Substantive changes have been made under version 2.2. A new part for number of hours worked by student educators per student served by a peer-to-peer program has been added. A comprehensive list of differences can be found in the 2.2 Summary of changes.
What is a peer-to-peer education program?
All programs must have a clearly defined peer-to-peer component. To count, peer-to-peer-focused education programs should train students to become “experts” in a certain sustainability-focused topic, and these experts then train their peers on these topics.
How can we avoid double-counting?
Counting the same group of students more than once should be avoided. For example, if one program covers all residential students, while another covers all undergraduate students, care should be taken so that students that fall under both groups aren’t counted twice.
What is the difference between an educators program and a standard outreach campaign or planning committee?
The key difference between an educators program and standard outreach campaigns or planning committees is training. A peer-to-peer-focused education program trains students to become “experts” in a certain sustainability-focused topic, and these experts then train their peers on these topics in a coordinated, ongoing fashion. In contrast, standard outreach campaigns aim to raise awareness about sustainability topics without a coordinated education and training component. Typical sustainability planning committees work to develop or implement sustainability plans rather than offer peer-to-peer education. Standard outreach campaigns are covered under EN 5: Outreach Campaign. Typical planning committees are covered under PA 1: Sustainability Coordination.
What other credits across STARS include similar data that should remain consistent?
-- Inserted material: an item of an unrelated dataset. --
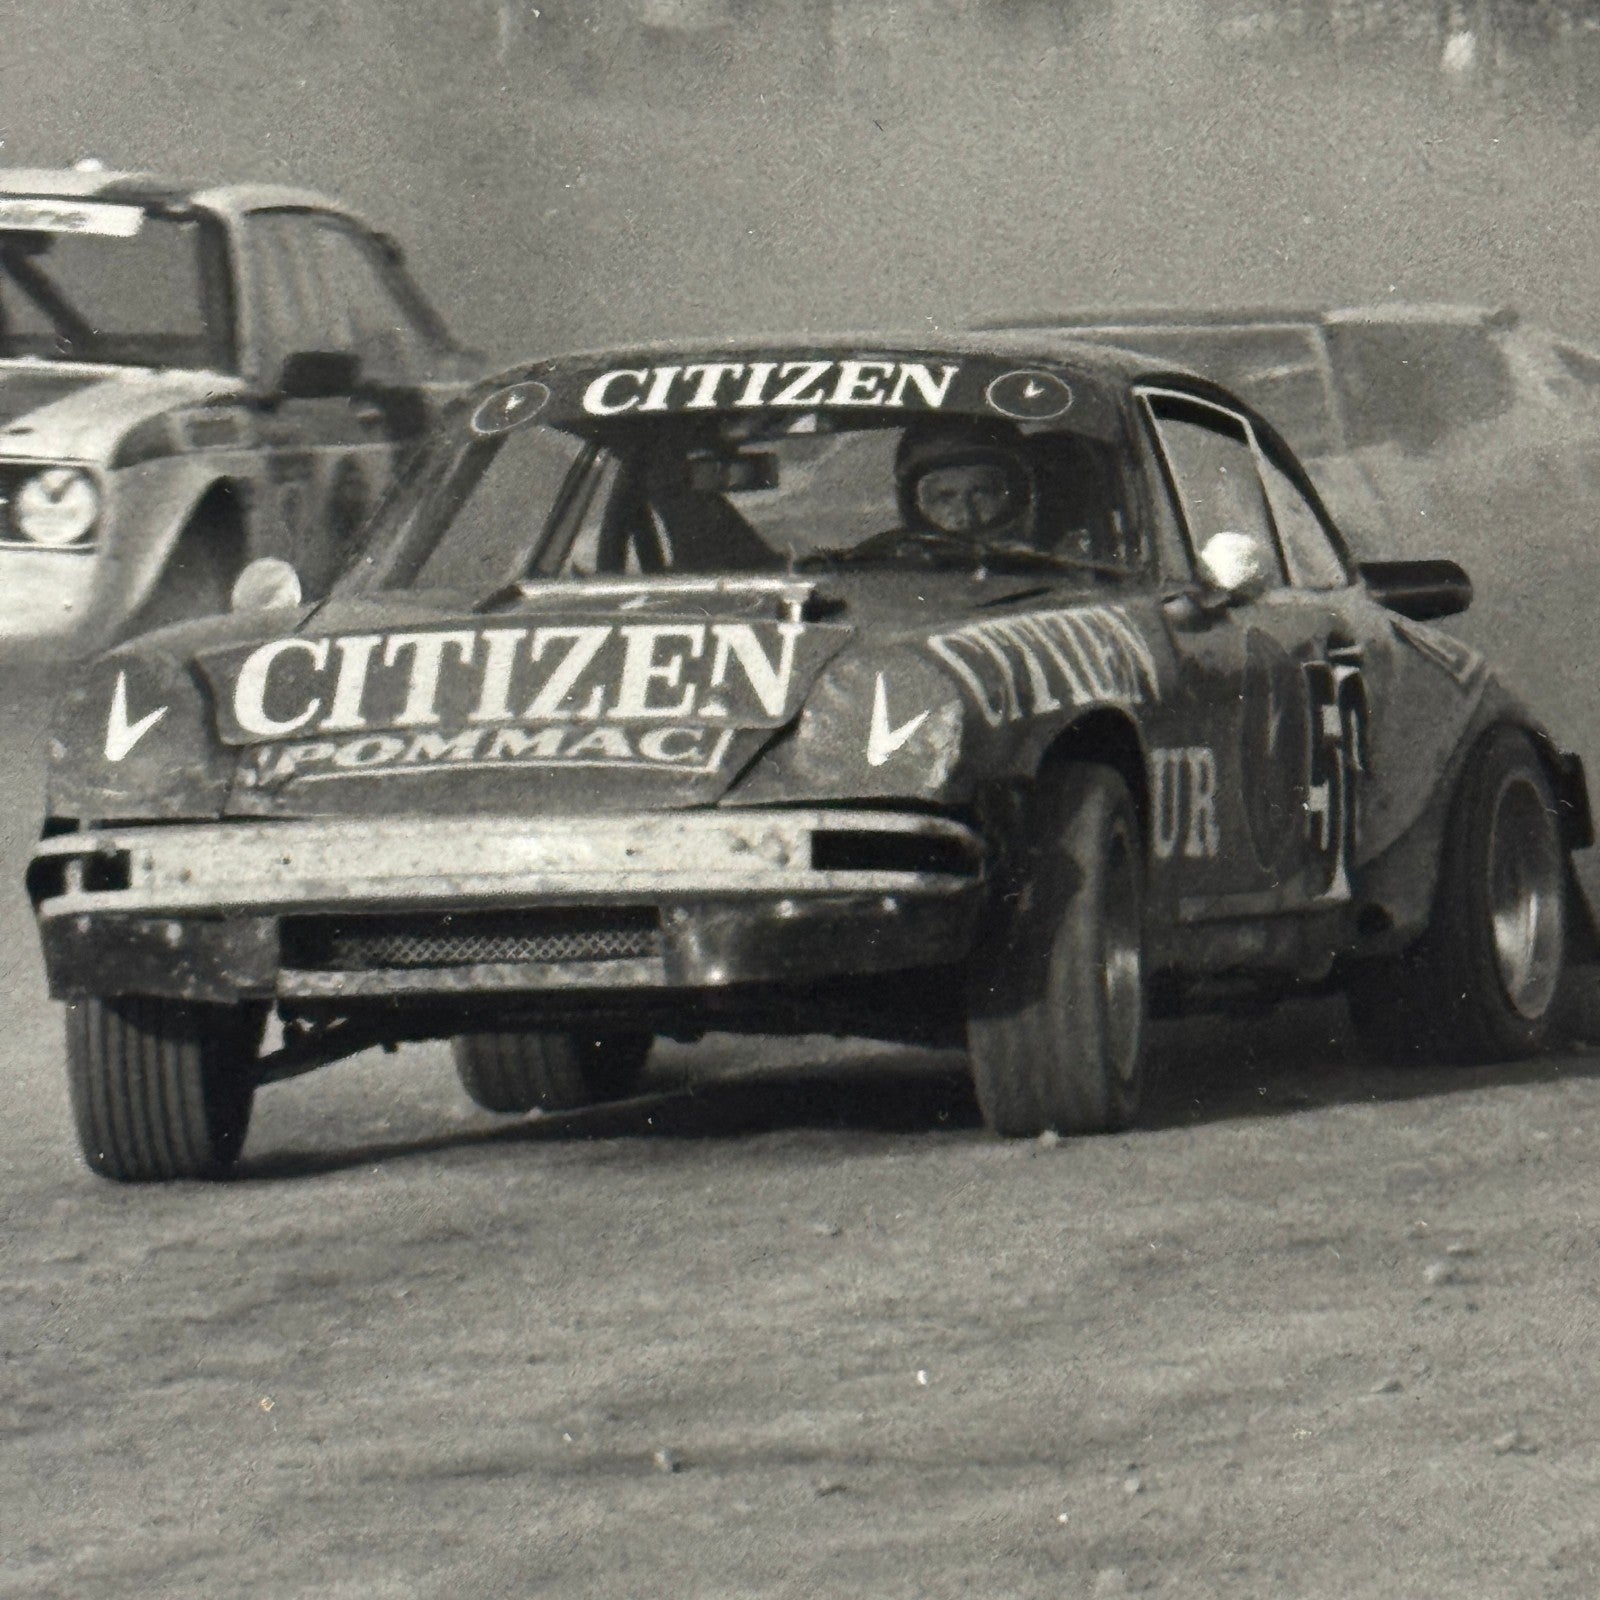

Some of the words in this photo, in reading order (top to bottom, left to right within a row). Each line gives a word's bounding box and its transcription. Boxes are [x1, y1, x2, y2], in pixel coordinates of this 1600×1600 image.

[582, 361, 960, 415] CITIZEN
[234, 623, 805, 738] CITIZEN
[267, 726, 706, 777] POMMAC
[1150, 746, 1220, 858] UR
Number of students enrolled for credit should be consistent between this credit and what is reported in PRE 5. See related Help Center article on sharing information between credits.
Resources, Templates & Tools
- Student Sustainability Educators: A Guide to Creating and Maintaining an Eco-Rep Program on Your Campus
- Colorado State University – Diverse array of programs and good documentation are provided. Good reporting example for larger institutions.
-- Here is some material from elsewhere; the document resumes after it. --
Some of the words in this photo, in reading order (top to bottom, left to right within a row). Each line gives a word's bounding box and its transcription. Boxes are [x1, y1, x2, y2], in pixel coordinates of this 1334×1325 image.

- Depauw University – Earned full credit points with a detailed program description and accompanying annual report upload.
- North Seattle College – Comprehensive student leadership program with DEI and sustainability as part of its core goals. Good reporting example for other institutions that offer mostly associate degrees.
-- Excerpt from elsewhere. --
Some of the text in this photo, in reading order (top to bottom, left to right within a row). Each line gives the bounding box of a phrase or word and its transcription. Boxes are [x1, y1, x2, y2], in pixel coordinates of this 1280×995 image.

- Princeton University – Good reporting example of an eco-reps program as well as one that is less conventional (repair and mending).
- University of Victoria – Detailed descriptions of three highlighted programs plus additional programs. Peer education examples are provided for all programs referenced. Supplemental programs offer a good reporting example for student peer education via committee work.
Common Issues Identified During Review
- Score outlier – Reporting full points indicates that all students are served (i.e. directly targeted) by a student peer-to-peer program, and there is a high ratio of the number of hours worked by trained educators to the number of students served. Over-counting should be avoided (e.g., counting all students but only listing if programs in residence halls, or counting hours spent on administrative, non-sustainability-focused tasks rather than sustainability peer education).
- All programs must have a clearly defined peer-to-peer component. To count, peer-to-peer-focused education programs should train students to become “experts” in a certain sustainability-focused topic in a coordinated, ongoing fashion. These individuals then become peer educators who share what they have learned with other members of the same group to catalyze change.
- Data consistency: Number of students enrolled for credit should be consistent across PRE 5 and EN 1 if the same Performance Year is used. Valid discrepancies should be clarified in the Notes field.